Maurizio Carlo Gelli volvió a ser noticia. Esta vez después de que España lo expulsara del país europeo este lunes, 26 de enero, en reciprocidad por la expulsión previa del embajador español en Managua, Sergio Farré Salvá, una decisión que de nuevo pone en crisis las relaciones con la nación ibérica.
Pero quién es Gelli, un ciudadano nacido en italia que el régimen le dio la nacionalidad poco después de su regreso al poder en el año 2007 y en un corto tiempo lo nombró diplomático, primero en Suramérica y posteriormente en el norte del nuevo continente hasta que lo envió a Europa como su principal representante.
Una maleta como embajador en varios países de Europa
El diplomático tiene una maleta llena de nombramientos como uno de los principales representantes del régimen de Daniel Ortega y Rosario Murillo en Europa. Además de ser el embajador ante España, en septiembre pasado presentó sus cartas credenciales ante el presidente de Francia, Emmanuel Macron, como embajador concurrente en otro de los grandes países del Viejo Continente.
Antes de eso, tenía funciones de embajador ante el Principado de Andorra, Grecia, Eslovaquia, República Checa y como el representante de la dictadura ante la Organización Mundial de Turismo. Es decir, es embajador en seis naciones europeas, de las más grandes la española y la francesa.
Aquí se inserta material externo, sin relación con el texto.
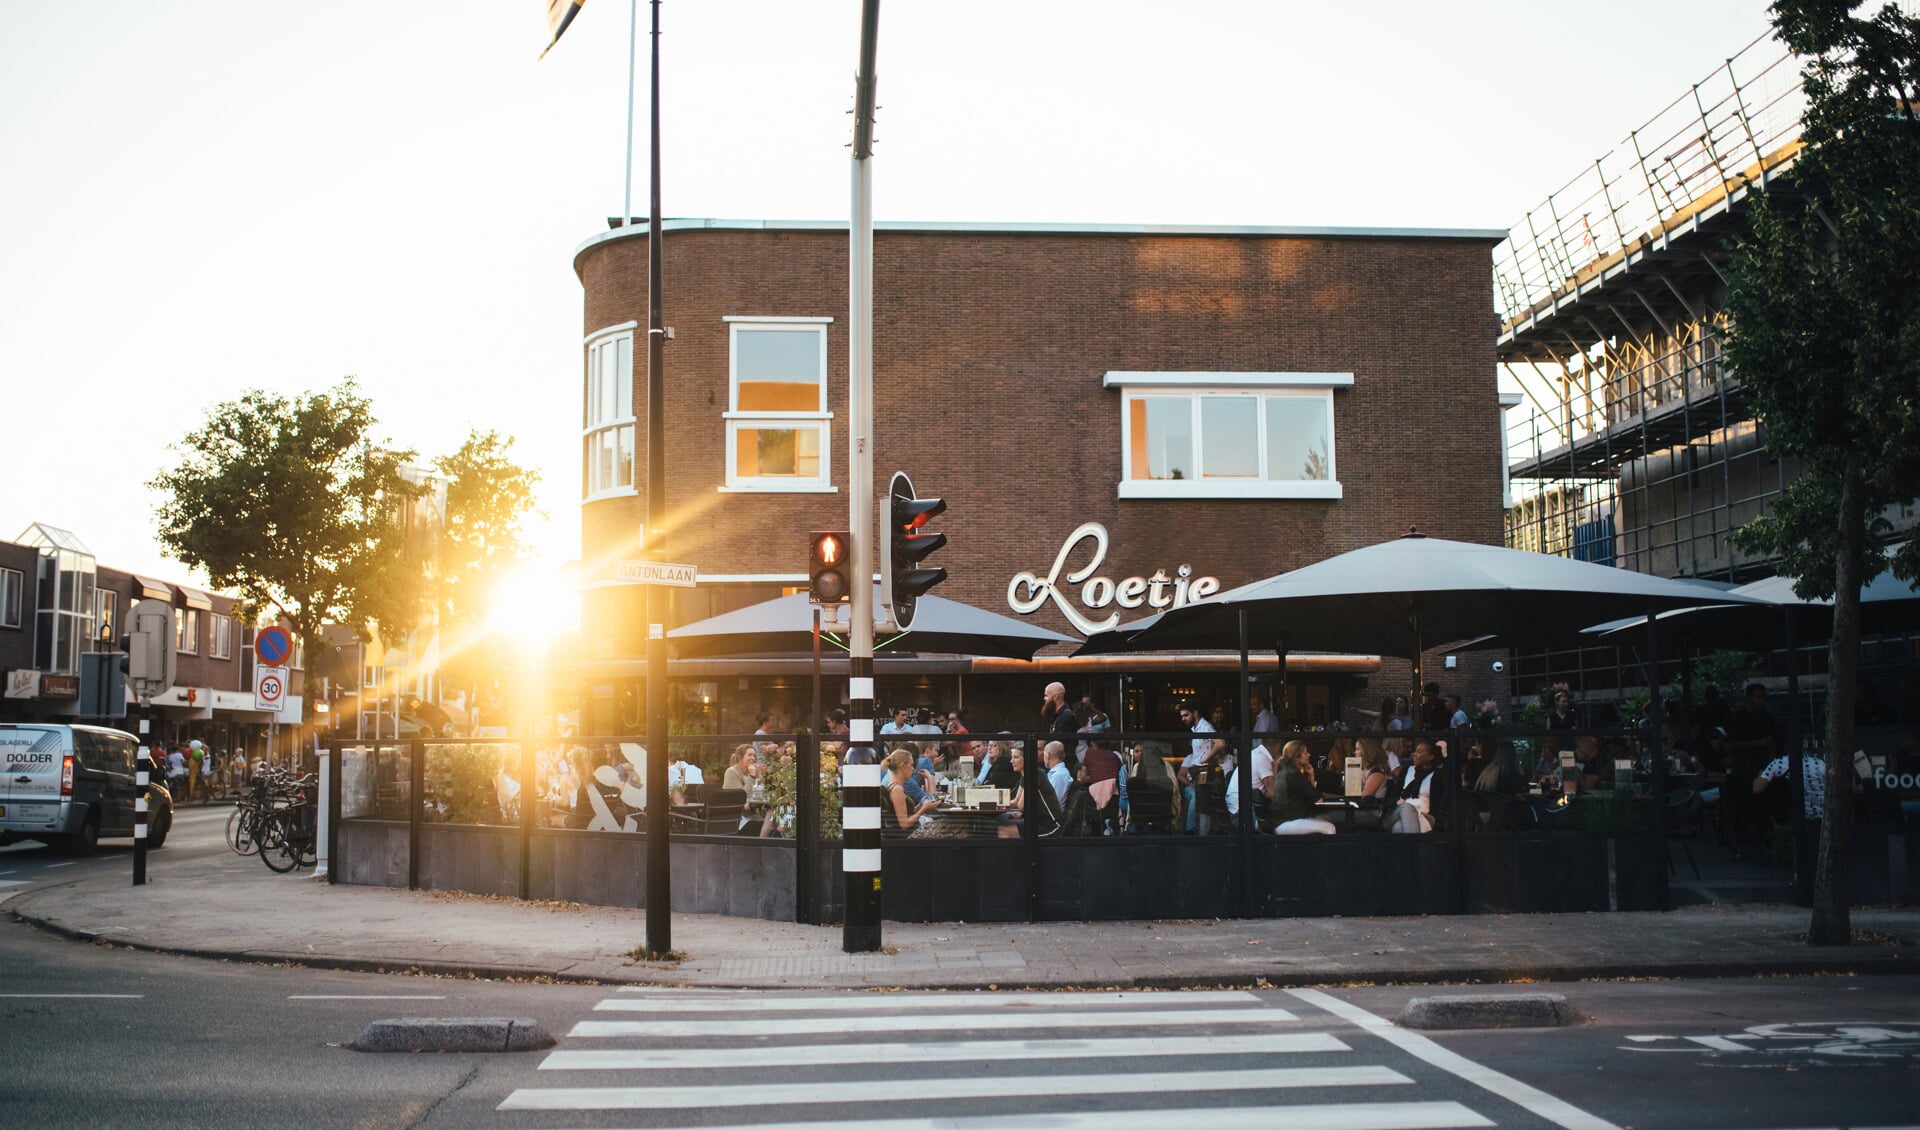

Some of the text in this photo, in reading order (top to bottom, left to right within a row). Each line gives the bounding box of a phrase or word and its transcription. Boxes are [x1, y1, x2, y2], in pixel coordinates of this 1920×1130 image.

Gelli nació en Italia, en la región de Pistoia el 25 de octubre del año 1959. Se congració con Ortega en la primera década de los 2000 y en 2009 al poco tiempo de su nacionalización, la dictadura lo designó con un cargo diplomático en Uruguay. En 2013 asumió como embajador en el país suramericano durante el gobierno del fallecido presidente de izquierdas José «Pepe» Mujica, en un momento en el que la izquierda dominaba en muchas naciones de la región con el respaldo financiero y propagandístico de la Venezuela de Hugo Chávez, aunque ya en declive por su enfermedad en 2012 y posteriormente su deceso. Luego, en 2017 fue nombrado como embajador en Canadá y posteriormente dio el salto a Europa.
Hijo de un italiano seguidor de dictadores
Una de las polémicas que giran en torno al embajador ítalo-nicaragüense es la figura de su padre: Licio Gelli, un hombre que sirvió a las órdenes de Benito Mussolini antes y durante la Segunda Guerra Mundial, que también fue miembro de la logia masónica Propaganda Due.
Tras el fin de la guerra se refugió en Argentina y aunque volvió a Italia se hizo amigo del dictador de ese país Juan Domingo Perón, al que ayudó a volver al poder y del que participó en el último de sus gobiernos. En su país se le acusó de nexos con la mafia, entre ellas con organizaciones como la Cosa Nostra y estar implicado en el asesinato en 1978 del ex primer ministro Italiano Aldo Moro y también de un periodista que reveló una lista donde dio a conocer sus nexos con estos grupos.
El padre del embajador murió en 2015 y dos años después se reveló, por un testamento que dejó, su participación en numerosas propiedades en Suramérica en países como Uruguay, Argentina, Paraguay y Brasil.
Del tal palo tal astilla
Su hijo, le siguió los pasos al hacerse aliado del dictador Ortega al que defiende en Europa, pese a las investigaciones y denuncias de masivas violaciones a los derechos humanos por parte del régimen, en especial después de las protestas antigubernamentales del año 2018.
Gelli fue designado, en 2025, como representante de la dupla Ortega-Murillo para los funerales del papa Francisco. Esto pese a que Nicaragua expulsó al nuncio apostólico Waldemar Stanislaw Sommertag en marzo de 2022, en medio de la arremetida del sandinismo en contra de la Iglesia católica.
El hombre de confianza de Ortega y Murillo llegó a España para zanjar la penúltima crisis con Nicaragua, provocada por la dictadura en 2021 cuando la nación europea criticó la reelección del sandinista al ser un proceso viciado y sin contricantes que de verdad pudieran rivalizar con el mandatario.